I sofisti, che erano educatori professionali, introdussero una forma di educazione superiore il cui successo commerciale attestava ed era promosso dalla sua utilità sociale e dalla sua efficacia pratica. Inaugurarono il genere letterario della lezione pubblica, che avrebbe avuto una lunga popolarità. Si trattava di un insegnamento orientato in una direzione del tutto realistica, l’educazione alla partecipazione politica. I sofisti non pretendevano né di trasmettere né di cercare la verità sull’uomo o sull’esistenza; offrivano semplicemente un’arte di successo nella vita politica, che significava soprattutto essere capaci in ogni occasione di far prevalere il proprio punto di vista. Due discipline principali costituivano il programma: l’arte dell’argomentazione logica, o dialettica, e l’arte del discorso persuasivo, o retorica, le due scienze umanistiche più fiorenti dell’antichità. Queste discipline i sofisti le fondarono distillando dall’esperienza i loro principi generali e le loro strutture logiche, rendendo così possibile la loro trasmissione su base teorica da maestro ad allievo.
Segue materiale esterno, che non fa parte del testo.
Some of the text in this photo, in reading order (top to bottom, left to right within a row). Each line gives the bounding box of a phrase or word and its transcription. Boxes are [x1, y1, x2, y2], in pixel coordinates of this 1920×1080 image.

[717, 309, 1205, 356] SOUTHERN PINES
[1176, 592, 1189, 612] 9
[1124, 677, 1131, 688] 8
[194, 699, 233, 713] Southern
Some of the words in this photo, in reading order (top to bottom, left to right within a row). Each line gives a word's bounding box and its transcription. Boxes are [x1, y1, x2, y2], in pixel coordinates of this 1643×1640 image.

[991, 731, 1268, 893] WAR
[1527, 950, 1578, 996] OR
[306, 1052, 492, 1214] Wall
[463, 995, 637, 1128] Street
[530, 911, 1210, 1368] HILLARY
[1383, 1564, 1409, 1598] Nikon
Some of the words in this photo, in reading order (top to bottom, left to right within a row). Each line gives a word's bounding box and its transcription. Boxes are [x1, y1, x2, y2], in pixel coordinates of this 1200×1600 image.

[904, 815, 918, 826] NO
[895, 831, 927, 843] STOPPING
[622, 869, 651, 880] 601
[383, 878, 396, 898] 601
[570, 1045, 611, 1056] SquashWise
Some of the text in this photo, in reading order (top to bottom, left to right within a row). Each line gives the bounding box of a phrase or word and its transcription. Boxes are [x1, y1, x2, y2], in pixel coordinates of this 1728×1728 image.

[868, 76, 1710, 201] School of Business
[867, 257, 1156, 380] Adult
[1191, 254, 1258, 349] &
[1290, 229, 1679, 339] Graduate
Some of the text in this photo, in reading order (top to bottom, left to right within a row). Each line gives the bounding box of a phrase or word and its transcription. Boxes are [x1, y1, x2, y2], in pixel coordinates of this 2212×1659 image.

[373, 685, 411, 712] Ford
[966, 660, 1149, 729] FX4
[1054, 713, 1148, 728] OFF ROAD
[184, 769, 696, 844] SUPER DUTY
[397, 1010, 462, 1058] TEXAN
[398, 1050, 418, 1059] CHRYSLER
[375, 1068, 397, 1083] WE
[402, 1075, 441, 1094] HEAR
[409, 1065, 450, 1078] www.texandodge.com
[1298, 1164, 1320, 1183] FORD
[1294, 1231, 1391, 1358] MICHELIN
Alla pedagogia dei sofisti si oppose l’attività di Socrate, che, come erede della precedente tradizione aristocratica, era allarmato da questo utilitarismo radicale. Dubitava che la virtù potesse essere insegnata, specialmente per il denaro, una sostanza degradante. Erede dei vecchi saggi dei tempi passati, Socrate sosteneva che l’ideale supremo dell’uomo, e quindi dell’educazione, non era lo spirito di efficienza e potere, ma la ricerca disinteressata dell’assoluto, della virtù – in breve, della conoscenza e della comprensione.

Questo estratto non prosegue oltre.